:: Exercise instructions ::
Leave the pictures out and write out the rest of the listing word for word.
Records supplied below:
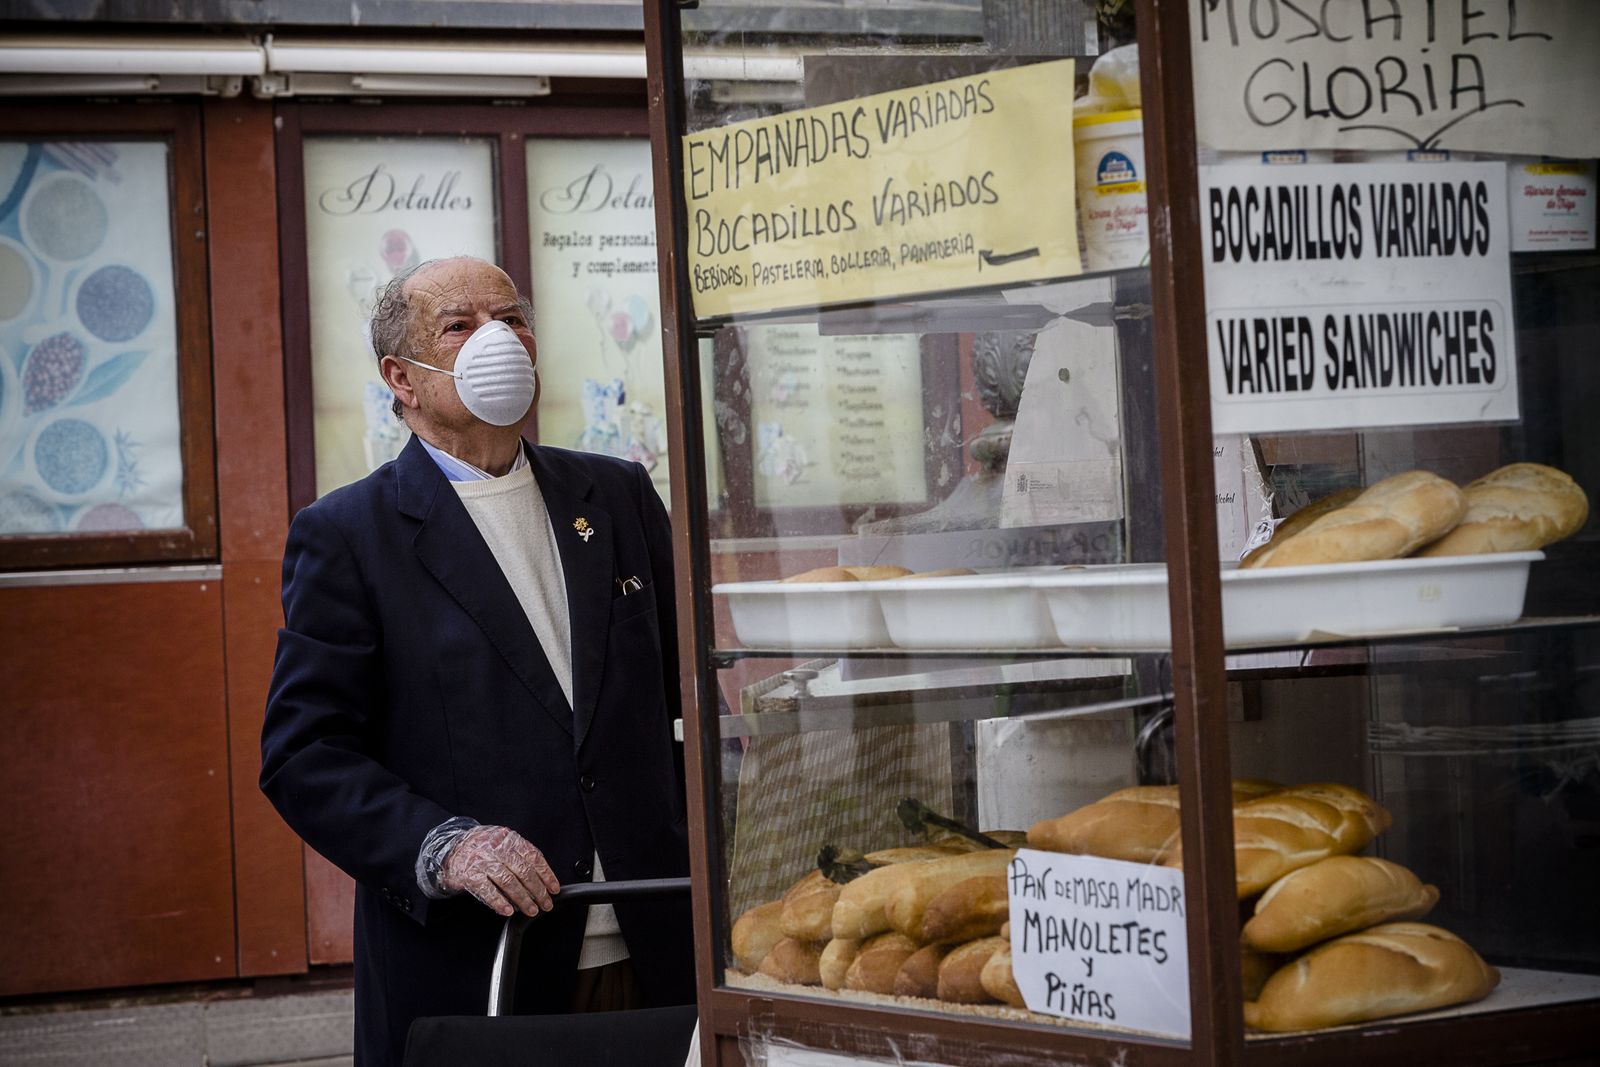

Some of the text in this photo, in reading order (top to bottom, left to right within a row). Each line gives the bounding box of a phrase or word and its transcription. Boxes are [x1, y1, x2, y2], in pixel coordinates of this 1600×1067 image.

[688, 106, 871, 200] EMPANADAS
[319, 163, 473, 216] Detalles
[543, 231, 592, 251] Regalos
[1209, 180, 1490, 263] BOCADILLOS VARIADOS
[572, 261, 581, 278] y
[1216, 308, 1496, 394] VARIED SANDWICHES
[1010, 857, 1052, 901] PAN
[1023, 908, 1168, 964] MANOLETES
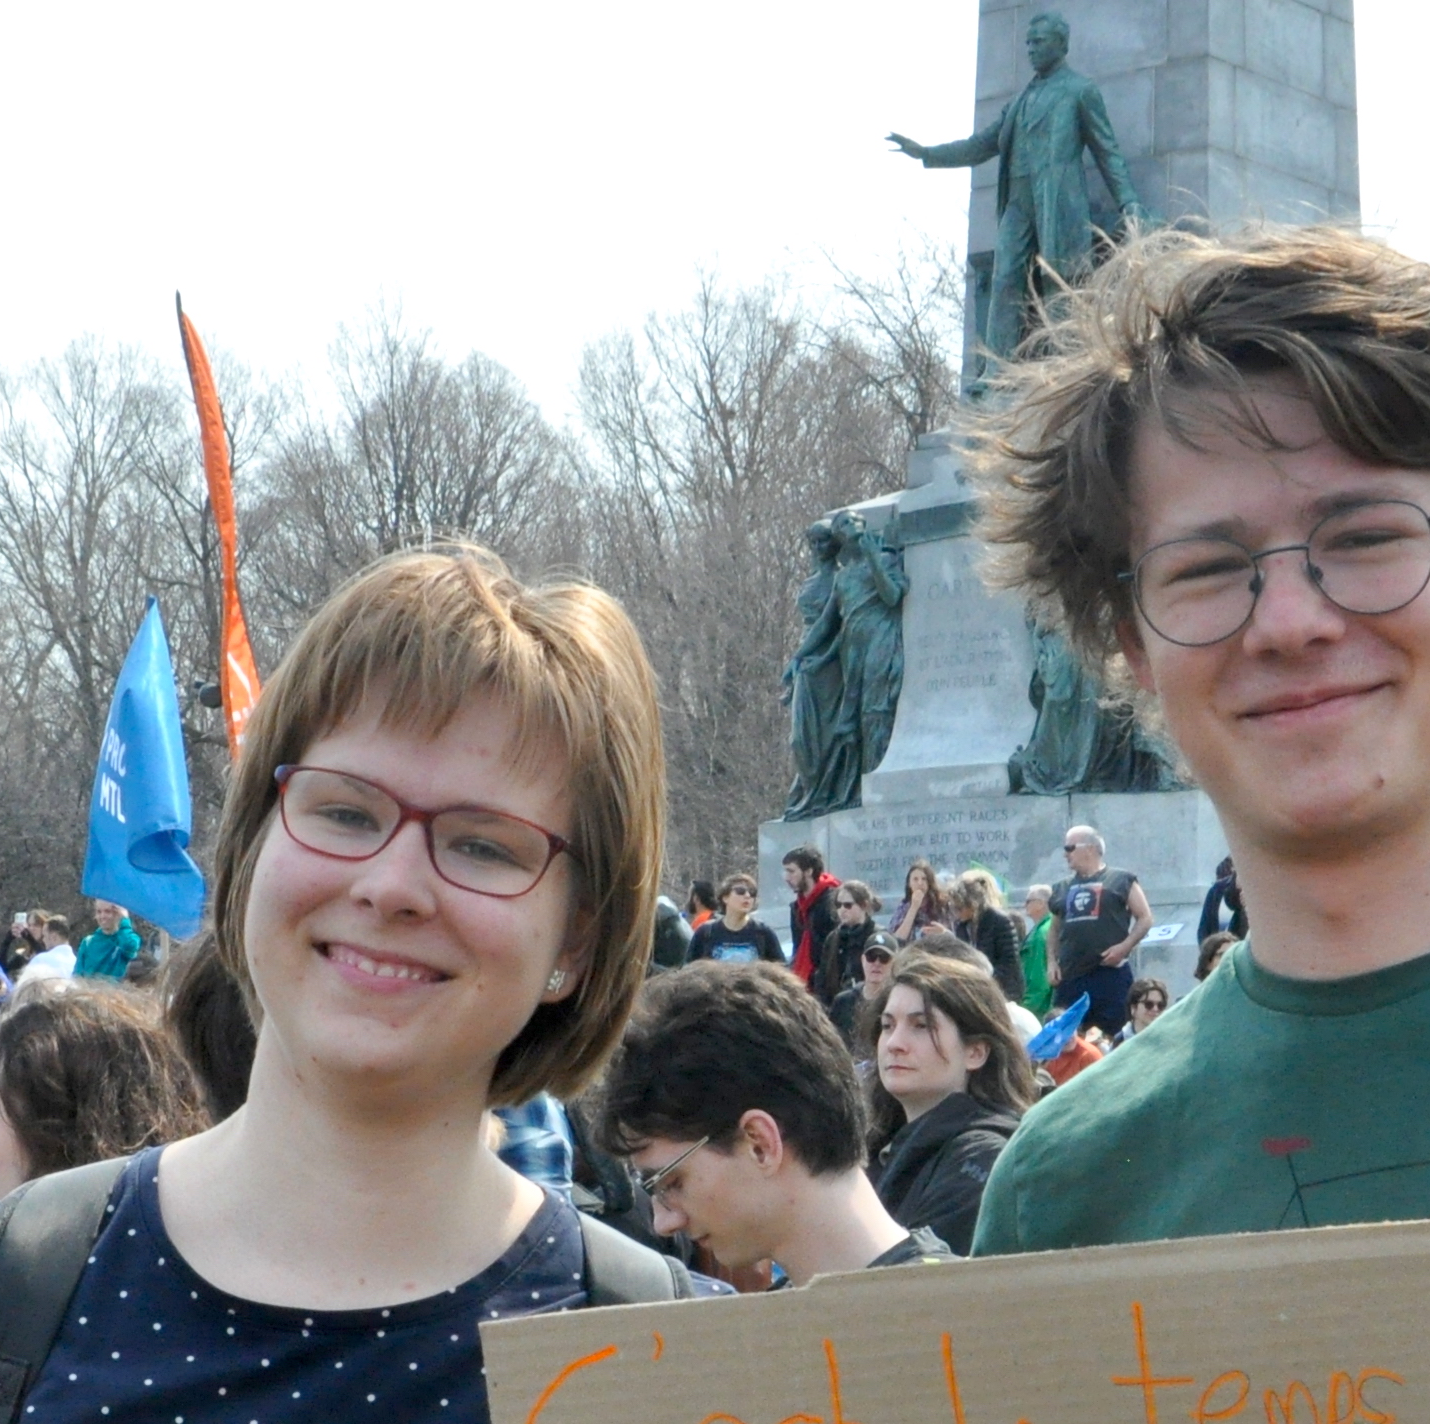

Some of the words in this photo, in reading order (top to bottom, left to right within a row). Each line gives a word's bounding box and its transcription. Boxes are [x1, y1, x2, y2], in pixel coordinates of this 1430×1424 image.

[100, 771, 127, 825] MTL
[969, 808, 1009, 823] RACES
[929, 831, 952, 847] BUT
[956, 831, 972, 846] TO
[975, 829, 1010, 843] WORK
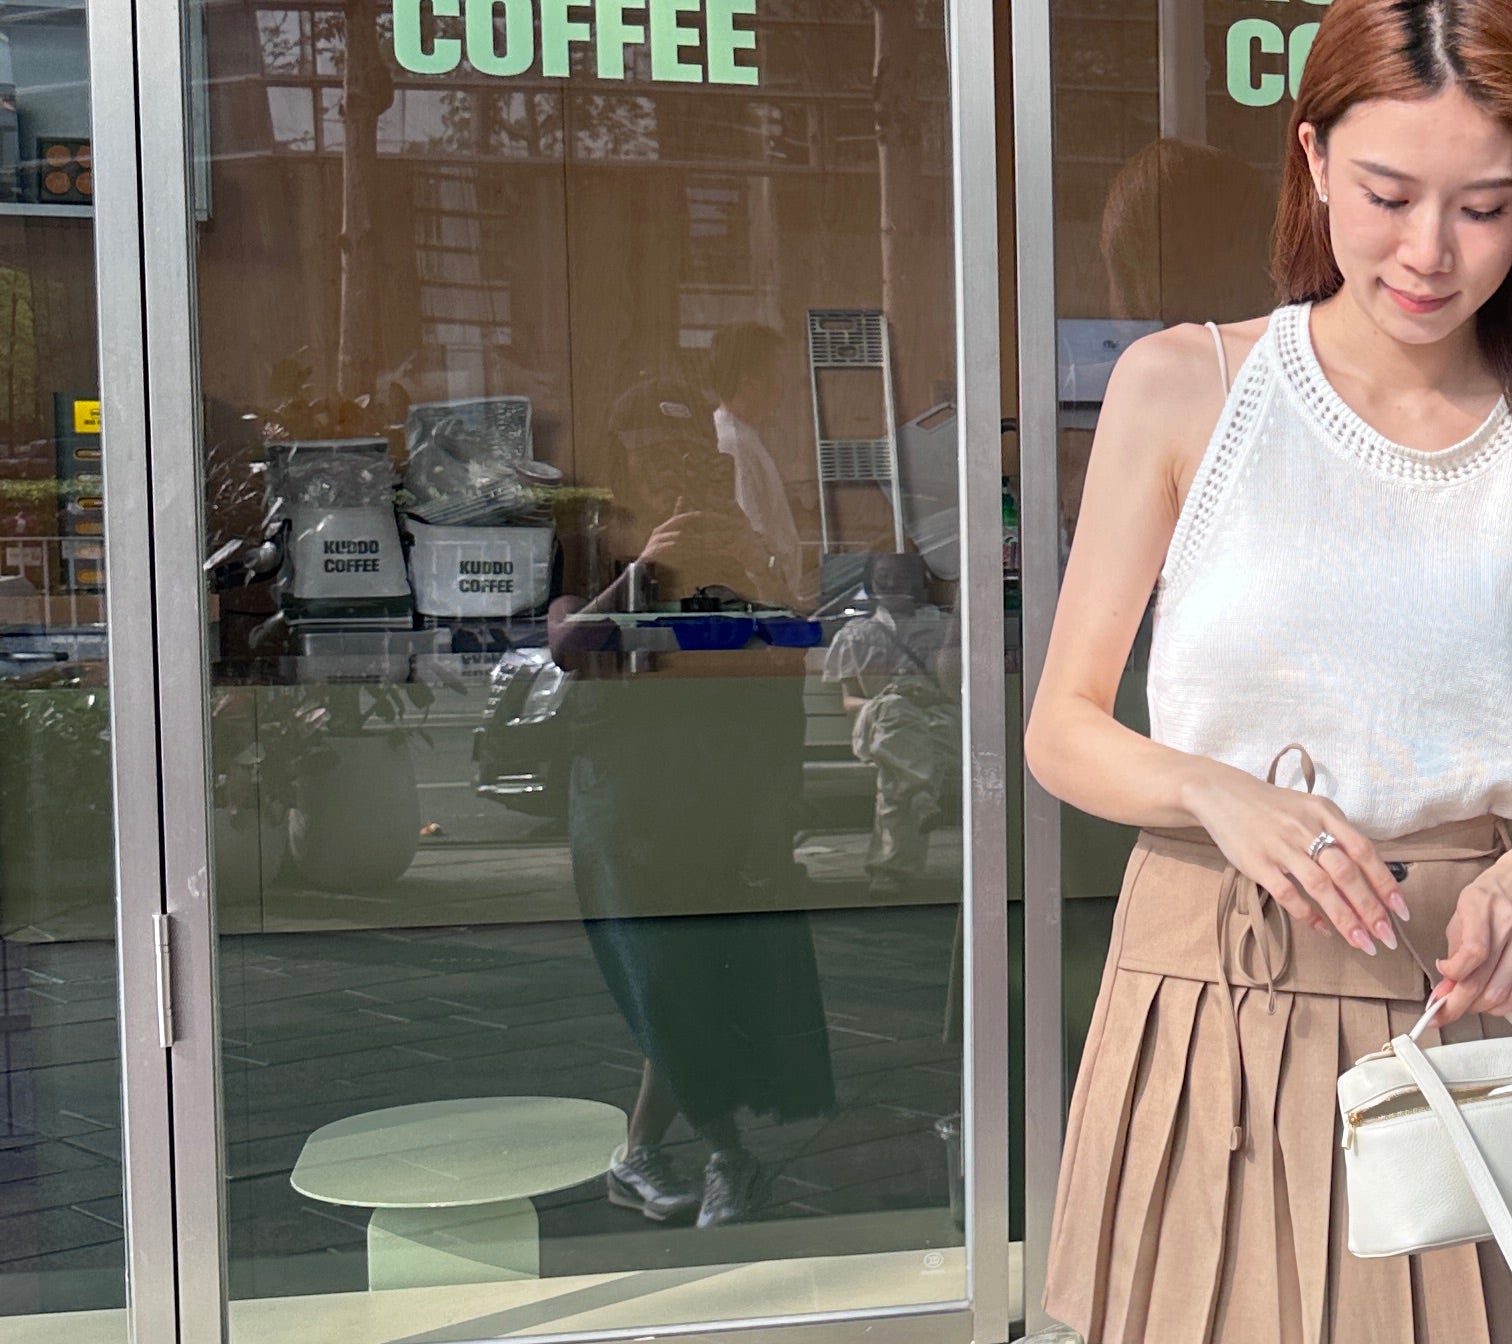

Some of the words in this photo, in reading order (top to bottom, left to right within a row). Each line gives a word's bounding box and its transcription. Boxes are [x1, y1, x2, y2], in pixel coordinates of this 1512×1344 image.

[323, 539, 379, 554] KUDDO
[323, 558, 380, 573] COFFEE
[458, 560, 514, 575] KUDDO
[458, 579, 514, 593] COFFEE
End of Records supplied.
:: Answer area ::
Some of the text in this photo, in reading order (top to bottom, left to right within a row). Each line gives the bounding box of a phrase or word and its transcription. Boxes are [x1, y1, x2, y2], in pixel coordinates of this 1600×1067 image.

[688, 106, 871, 200] EMPANADAS
[319, 163, 473, 216] Detalles
[543, 231, 592, 251] Regalos
[1209, 180, 1490, 263] BOCADILLOS VARIADOS
[572, 261, 581, 278] y
[1216, 308, 1496, 394] VARIED SANDWICHES
[1010, 857, 1052, 901] PAN
[1023, 908, 1168, 964] MANOLETES

Some of the words in this photo, in reading order (top to bottom, left to right within a row). Each line gives a word's bounding box and its transcription. Boxes are [x1, y1, x2, y2], in pixel coordinates of this 1430×1424 image.

[100, 771, 127, 825] MTL
[969, 808, 1009, 823] RACES
[929, 831, 952, 847] BUT
[956, 831, 972, 846] TO
[975, 829, 1010, 843] WORK

Some of the words in this photo, in reading order (top to bottom, left to right within a row). Each line gives a word's bounding box and its transcription. Boxes are [x1, y1, x2, y2], in pixel coordinates of this 1512×1344 image.

[323, 539, 379, 554] KUDDO
[323, 558, 380, 573] COFFEE
[458, 560, 514, 575] KUDDO
[458, 579, 514, 593] COFFEE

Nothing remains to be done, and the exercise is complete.